アメリカ南部の飲酒事情
ミントジュレップとグラスホッパーパイ、お酒にかかわる投稿が最近続いたので、アメリカ南部の飲酒事情について、今回は少し書いておこうかと思います。
私が2002年頃、アトランタに住んでハウスシャアをしていたとき、家の賃貸契約書には、”No drug, no smoke, and no alcoholics are allowed.“ という記述がありました。アルコールは、煙草やさらに危険な薬物と同様に、依存症に陥る危険性がある邪悪なもの、という認識が、日本に比べてかなり強い印象を受けました。屋外のパブリックエリアでの飲酒は基本的に禁止されていることが多いので、日本のように、公園でお花見をしながらお酒を飲むなんてことは考えられません。お酒は飲んでもいいけど、人前で泥酔するような振る舞いは、絶対に慎むべきという認識が、共有されているような感じがしました。

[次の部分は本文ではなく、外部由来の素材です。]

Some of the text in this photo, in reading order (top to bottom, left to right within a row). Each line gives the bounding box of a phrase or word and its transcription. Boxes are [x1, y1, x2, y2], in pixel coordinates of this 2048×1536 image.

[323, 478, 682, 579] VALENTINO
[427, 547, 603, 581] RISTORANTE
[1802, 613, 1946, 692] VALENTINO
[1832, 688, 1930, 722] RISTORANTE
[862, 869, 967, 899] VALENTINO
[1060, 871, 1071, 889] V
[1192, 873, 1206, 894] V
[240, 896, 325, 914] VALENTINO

実際に、アメリカには、どれだけのアルコール依存症の人がいるのか、調べてみると、やや、アメリカの患者数は他国に比較すると多い印象です。WHOの発表するデータよると、2016年、全人口の5.1%の人が、アルコール依存症であるとのに対して、アメリカでは18歳以上の人口の7%、12歳から17歳の人口比の2.8%がアルコール依存症を患っているとされています[1]。ちなみ、日本ではWHOの基準に則って算出した結果、230万人の依存症患者がいるとされており、人口比でみると2%以下です[2]。数値だけみると、アメリカの数値がずば抜けて高いというわけではありません。ただし、一度依存症に陥ると、さらに危険な薬物が簡単に手に入りやすい環境でもあるので、さらに深刻な薬物依存を併発しやすいリスクが、アメリカでは必然的に強くなるということは否めません。

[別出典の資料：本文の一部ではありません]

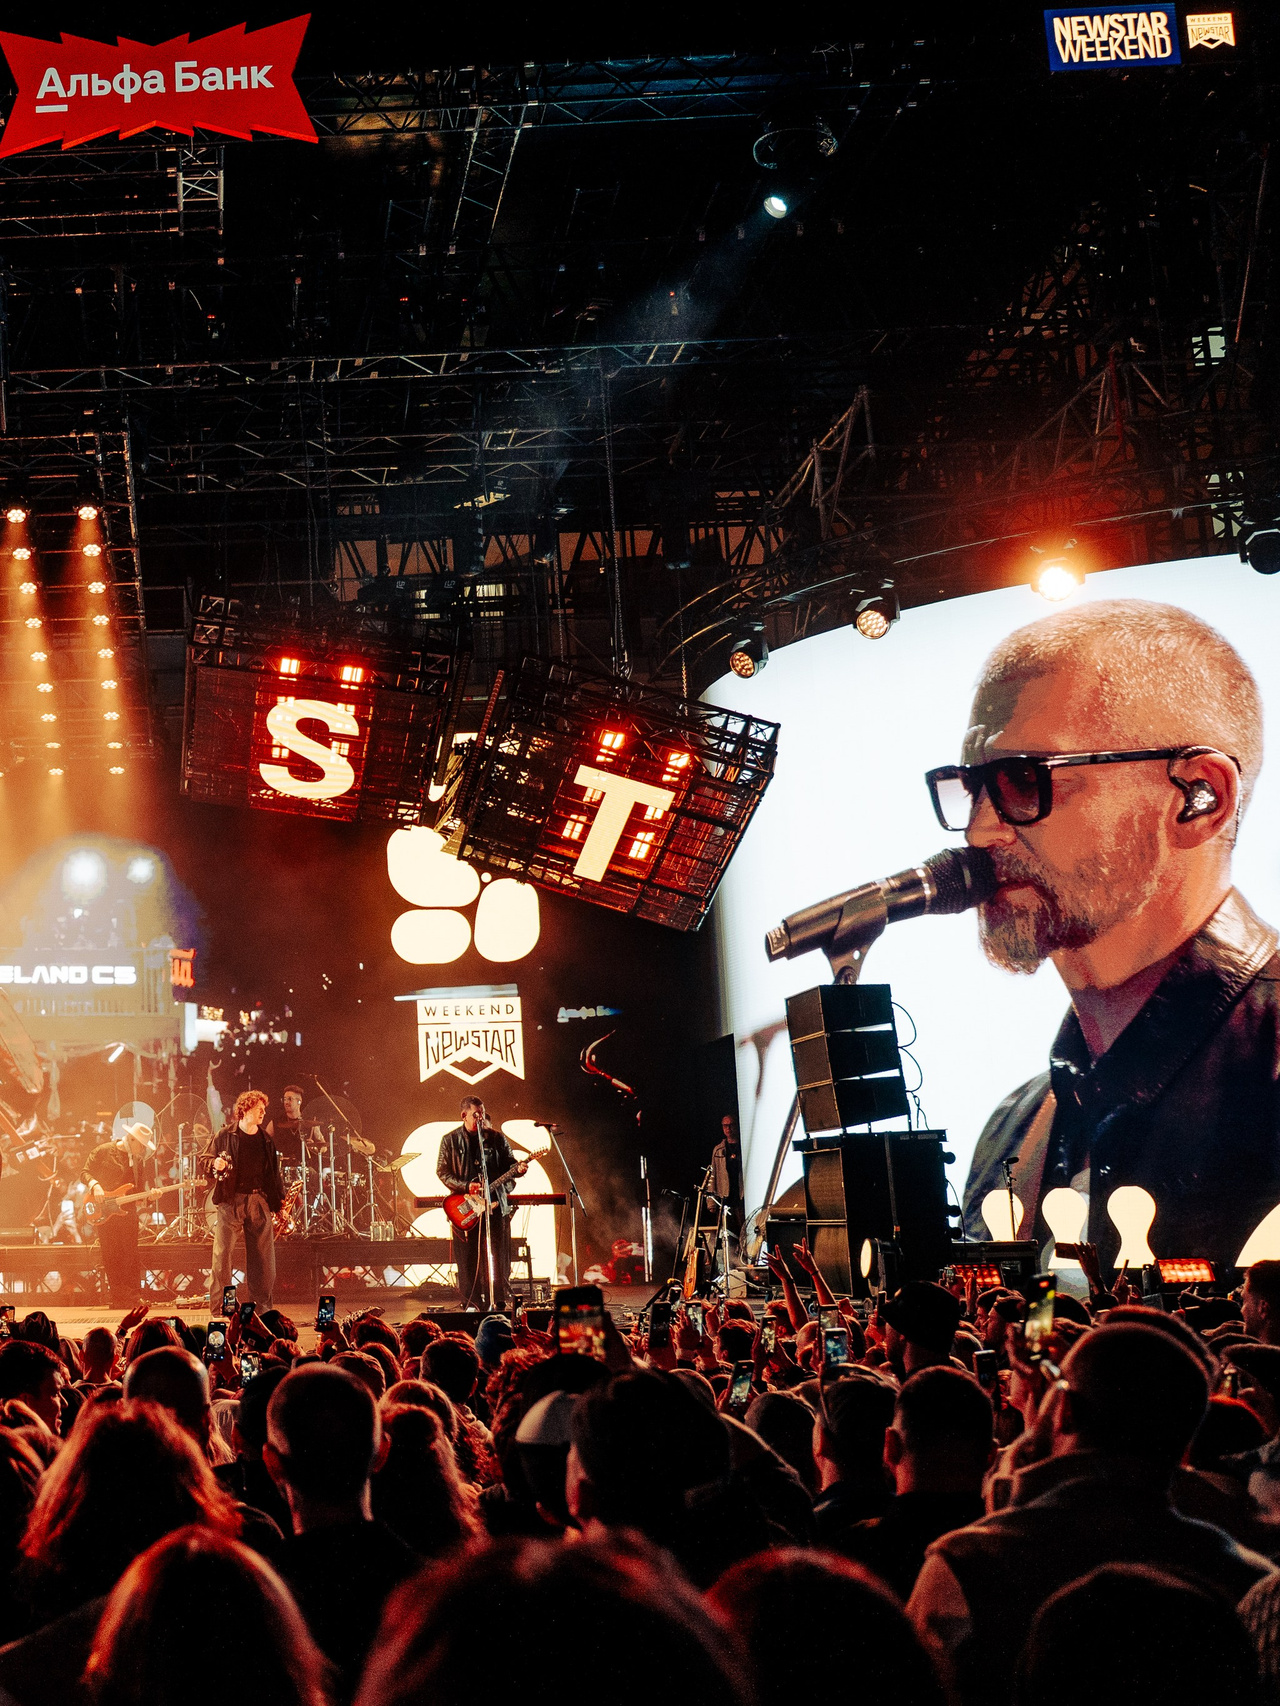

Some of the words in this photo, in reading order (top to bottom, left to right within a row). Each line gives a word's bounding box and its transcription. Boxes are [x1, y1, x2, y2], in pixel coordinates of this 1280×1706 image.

[1053, 11, 1170, 42] NEWSTAR
[1055, 35, 1173, 63] WEEKEND
[35, 63, 166, 106] Альфа
[174, 60, 275, 93] Банк
[259, 698, 360, 800] S
[573, 764, 676, 882] T
[424, 1003, 515, 1017] WEEKEND

お酒に対するネガティブなイメージが強いので、一般的にアメリカ南部のお料理やお菓子に、お酒が使われることは非常に少ないです。例えば、ドライフルーツを洋酒につけて作る、クリスマスケーキやクリスマスプディングは、イギリスが発祥で、イギリスの文化的影響力が及ぶ地域では、とても一般的なものですが、アメリカで同様のものが作られることは稀です。ドライフルーツは乾燥したまま使うよりかは、何かにつけておいた方が風味がますので、洋酒につける代わりに、紅茶につけて作ったりします。ビーフシチューに赤ワインを使わない場合もあります。赤ワインの代わりに赤ワインビネガーが使われたりするのです。
しかし一方で、ミントジュレップや、グラスホッパーパイのように、ニューオリンズ発祥の、お酒を使ったお菓子やドリンクは、非常に多いのです。極端な見方をすると、アメリカ南部でお酒にかかわるお菓子やドリンクのルーツは、ほとんどものはこの地域にあると言っても過言でもありません。
なぜニューオリンズに南部の飲酒文化が集中しているのかというと、禁酒法が制定された歴史的な背景に着目する必要があります。アメリカでは1920年から13年間にわたり、アメリカ合衆国憲法によって、消費のためのアルコールの製造、販売、輸送が全面的に禁じられていた時期があります。イスラム教の影響がある国を除けば、ここまで飲酒に厳しい政策をとった国は他にありません。
この禁酒法を推進しようとした政治勢力は、アメリカのキリスト教宗教団体の影響が大変強く、それゆえに、熱心なキリスト教徒が多いアメリカ南部においては、今日でもアメリカの他の地域に比べると、お酒に関するイメージがネガティブになりがちです。禁酒法を推進した宗派は、主にメソジストやバプティストなどの、アメリカでメジャーなプロテスタント宗派が含まれています。一方、イギリス聖公会、ドイツルター派、ローマカトリックなどは、アメリカ政府による道徳介入であるとして、禁酒法に反対していました[3]。
禁酒法への対応につて、キリスト教会の宗派の違いに着目すると、アメリカ南部の各州における、お酒に対する考え方も、よりはっきりと見えてきます。感が鋭い人ならすぐに理解できたと思いますが、ニューオリンズは、かつてフランスやスペインの支配下にあり、いわば、アメリカにとっては外国の宗派である、ローマカトリックの影響が、歴史的にとても強い地域なのです。信仰深いキリスト教徒が多い南部では、宗教団体が政治やその他の生活に影響を与えることは、今日においても普通のことです。アメリカ南部におけるキリスト教会の影響力を理解しないで、アメリカ南部の文化や生活を理解することは決してできません。